Relato erótico
Por una apuesta …
Tiene un bar o como dice él una tasca y cada viernes por la noche echa unas partiditas de cartas con cuatro clientes. Suele ganar, menos aquella fatídica noche. Cuando ya no le quedaba nada, se apostó a que su mujer se acostaría con los cuatro.
Pepe – Córdoba
Este testimonio, es el resultado de una apuesta. Una apuesta idiota pero que tuve que pagar. O mejor, que pagó mi mujer. Ante todo te diré que me llamo Pepe, que tengo 40 años y poseo un bar, aunque mejor sería decir una tasca, en un barrio de Córdoba y que llevo yo mismo ya que el local es pequeño. Mi mujer, Carmela, tiene 31, es una morenaza preciosa, salada y alegre como buena sevillana. Ella viene poco al bar ya que a mí no me gusta como la miran la mayoría de los clientes. Unas miradas de admiración las comprendo pero las de deseo me mosquean. Por las noches, cuando ya he cerrado el bar, todos los viernes solemos jugar, cuatro clientes y yo, a las cartas.
Por lo general acabamos a la madrugada, unas veces ganando y otras perdiendo, ya que nos jugamos fuertes sumas de dinero. La suerte siempre me había sonreído. Volvía a casa con buenas ganancias o si perdía, era muy poco. Pero una noche la suerte cambió por completo para mí. Iba perdiendo mucho dinero, más del que tenía disponible. Cuando la cantidad ya era muy abultada, el que iba ganando más me dijo que me quedaba el local para jugarme. Me lo pensé unos segundos pero le dije que no, que aquello era mi pan. Y de pronto una idea me asaltó. Mi mujer.

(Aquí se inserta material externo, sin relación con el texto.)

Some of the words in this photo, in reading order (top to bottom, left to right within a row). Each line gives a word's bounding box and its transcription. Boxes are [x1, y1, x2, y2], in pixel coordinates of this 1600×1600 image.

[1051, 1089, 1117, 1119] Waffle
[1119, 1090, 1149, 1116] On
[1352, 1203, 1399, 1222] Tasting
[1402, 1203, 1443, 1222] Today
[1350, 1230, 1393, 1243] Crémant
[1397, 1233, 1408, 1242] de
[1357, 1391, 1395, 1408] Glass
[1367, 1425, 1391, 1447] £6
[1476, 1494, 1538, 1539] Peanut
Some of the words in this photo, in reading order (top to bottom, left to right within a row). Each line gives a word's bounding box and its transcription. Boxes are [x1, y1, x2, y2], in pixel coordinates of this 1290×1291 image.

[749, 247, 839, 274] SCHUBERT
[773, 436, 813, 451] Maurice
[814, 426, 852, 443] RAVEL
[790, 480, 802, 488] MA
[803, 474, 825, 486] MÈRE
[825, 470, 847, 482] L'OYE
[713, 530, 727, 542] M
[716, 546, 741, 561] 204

A todos ellos les gustaba Carmela, sus miradas me lo habían demostrado.
– Me juego a Carmela por una noche – dije al fin.
Se quedaron mudos de estupor. Me miraron como si me hubiera vuelto loco.
– ¿Quieres decir que si pierdes Carmela es nuestra… que nos la podremos… follar? – me dijo uno de ellos.
– Sí, eso he dicho – insistí.
En el fondo esperaba ganar. La estúpida esperanza del perdedor. También era posible que se negaran al trato.
– A mí me parece bien – dijo Pepe, un hombretón de unos 50 años – Pero, ¿qué dirá ella?
– Ella hará lo que yo quiera – contesté en tono chulesco pero en el fondo más que asustado.
– Creo que todos aceptamos la apuesta – dijo entonces Carlos, un tipejo alto y flaco, de unos 60 años, y mirando a Lucas y a José, los dos entre los 40 y los 45, añadió – Reparte.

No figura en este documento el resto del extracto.